=== DATA RECORDS ===

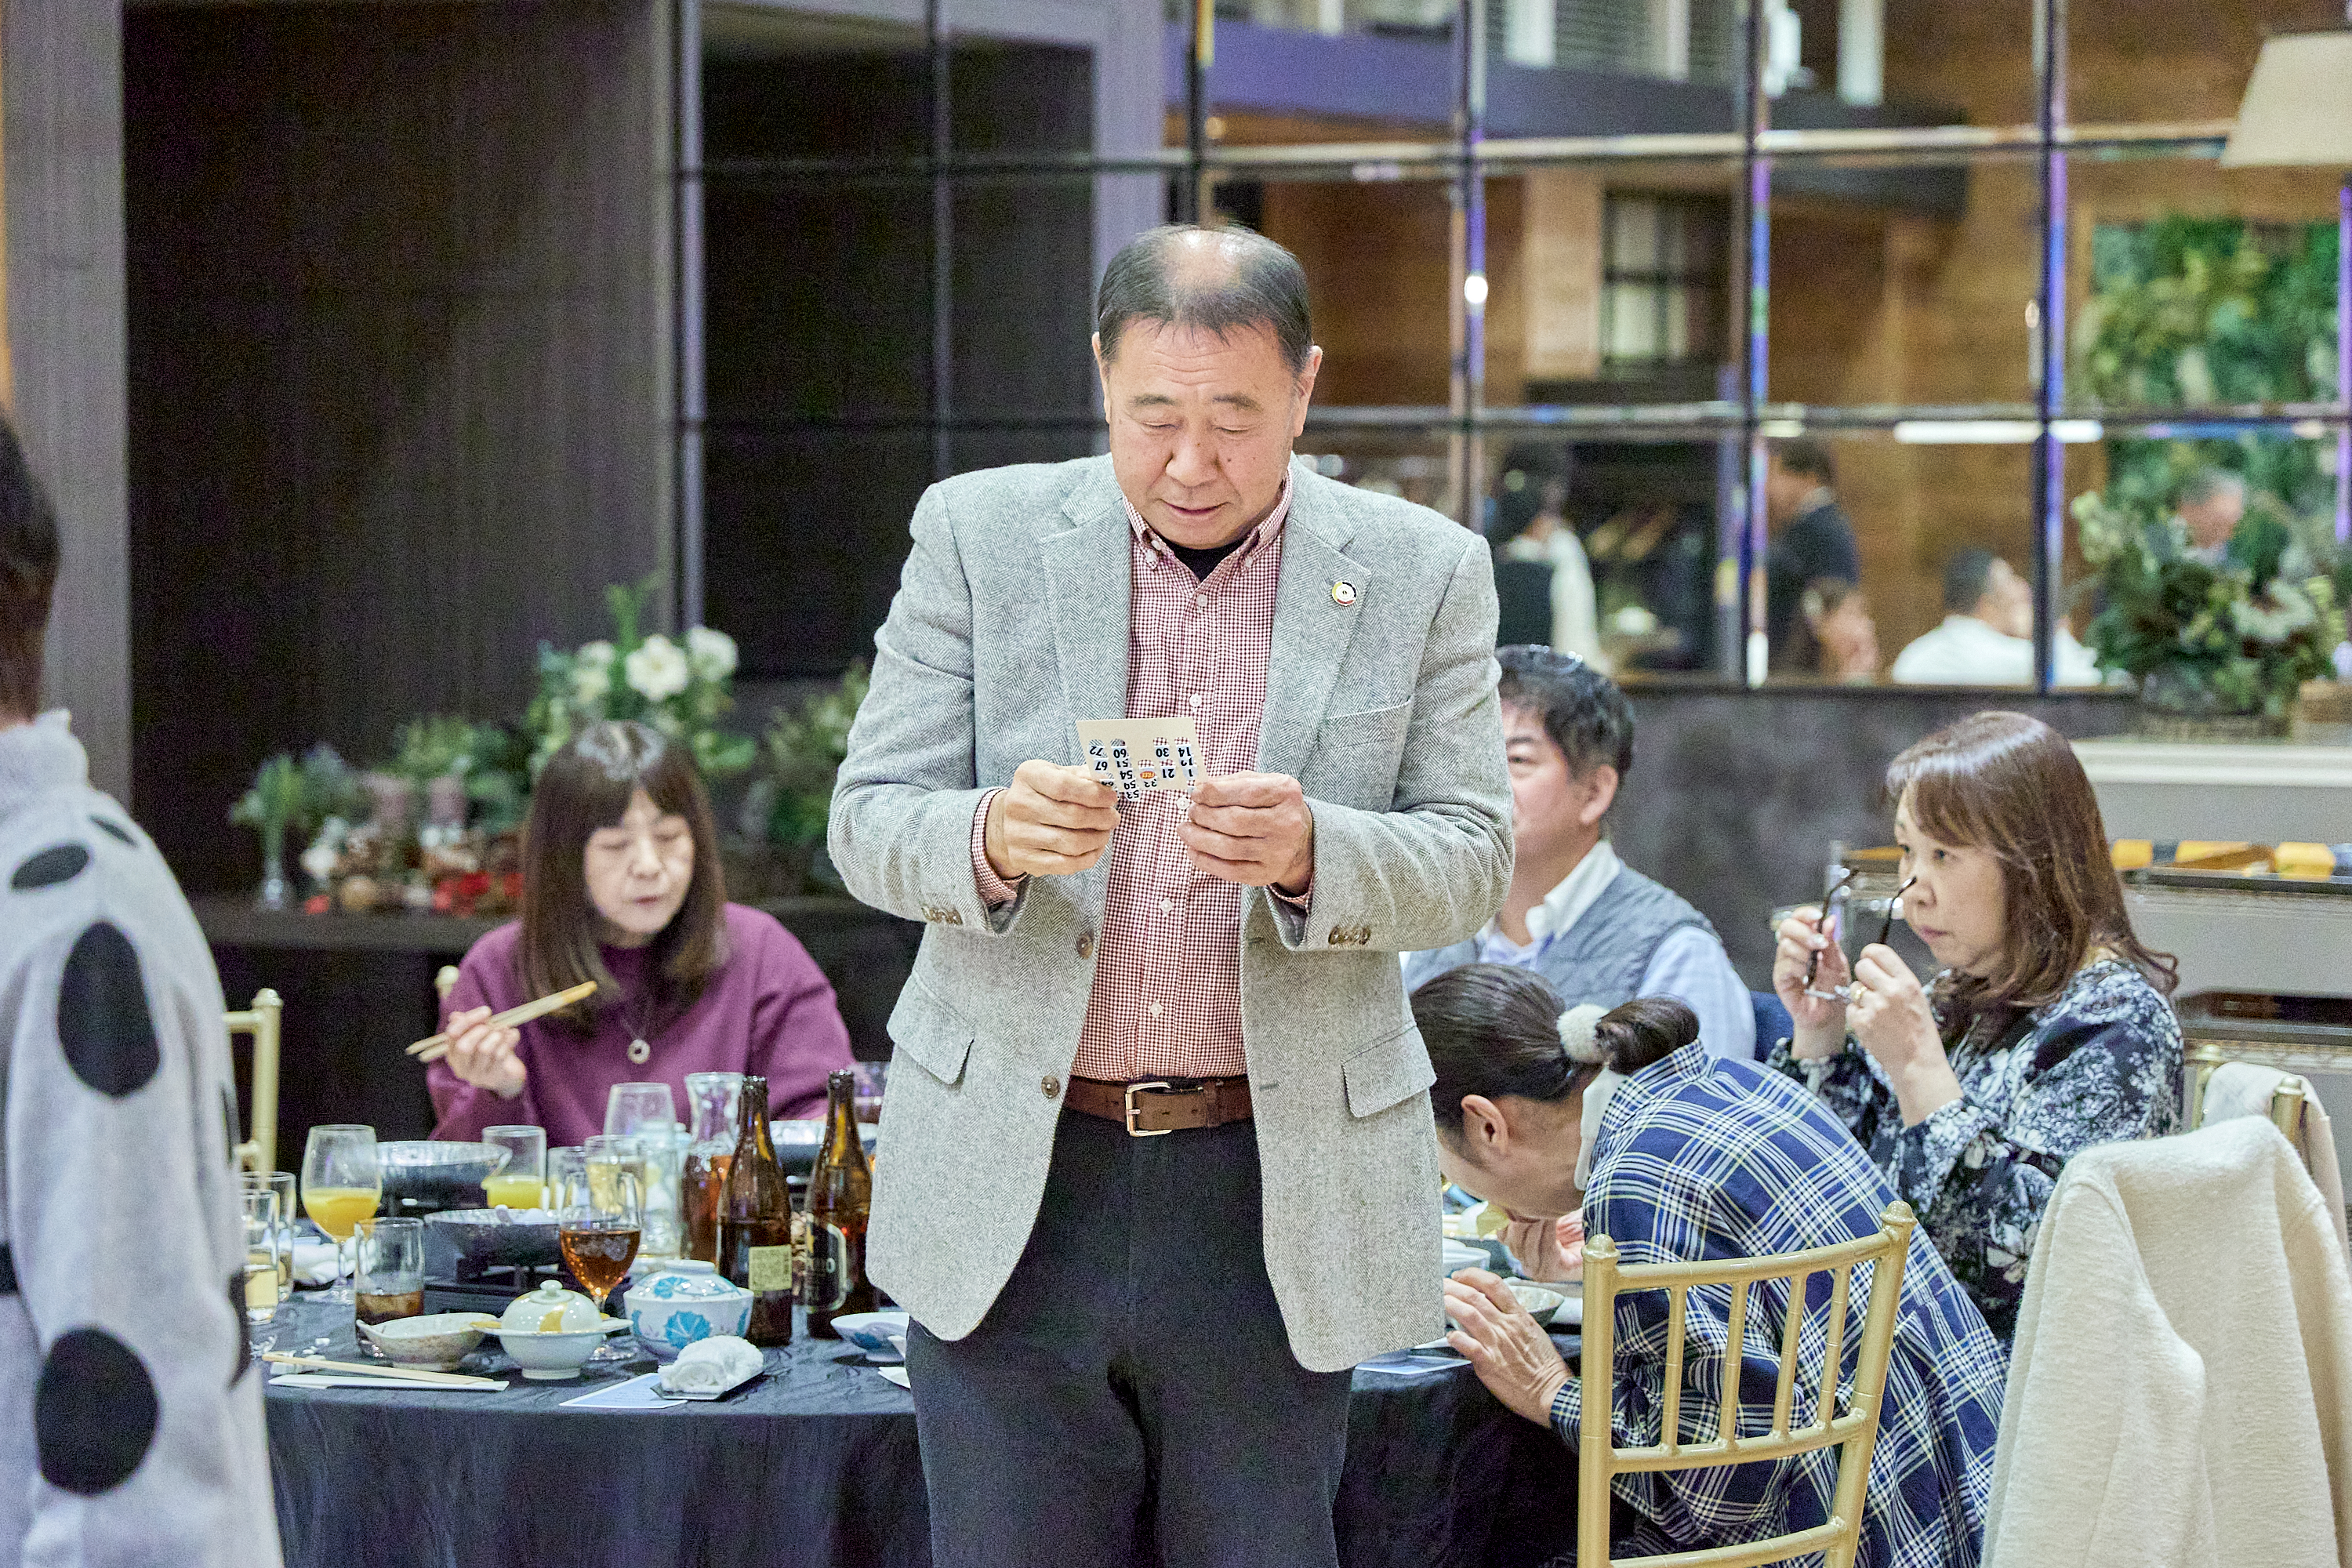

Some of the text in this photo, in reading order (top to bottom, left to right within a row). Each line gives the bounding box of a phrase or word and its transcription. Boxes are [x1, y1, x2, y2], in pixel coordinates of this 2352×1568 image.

[1089, 746, 1104, 757] 72
[1113, 748, 1127, 758] 60
[1156, 747, 1170, 758] 30
[1178, 746, 1191, 757] 14
[1094, 761, 1108, 771] 67
[1116, 758, 1129, 768] 51
[1120, 770, 1133, 780] 54
[1162, 768, 1175, 779] 21

===

WORK TASK:
Transcribe the records verbatim, excluding pictures.

WRITTEN ANSWER:
Some of the text in this photo, in reading order (top to bottom, left to right within a row). Each line gives the bounding box of a phrase or word and its transcription. Boxes are [x1, y1, x2, y2], in pixel coordinates of this 2352×1568 image.

[1089, 746, 1104, 757] 72
[1113, 748, 1127, 758] 60
[1156, 747, 1170, 758] 30
[1178, 746, 1191, 757] 14
[1094, 761, 1108, 771] 67
[1116, 758, 1129, 768] 51
[1120, 770, 1133, 780] 54
[1162, 768, 1175, 779] 21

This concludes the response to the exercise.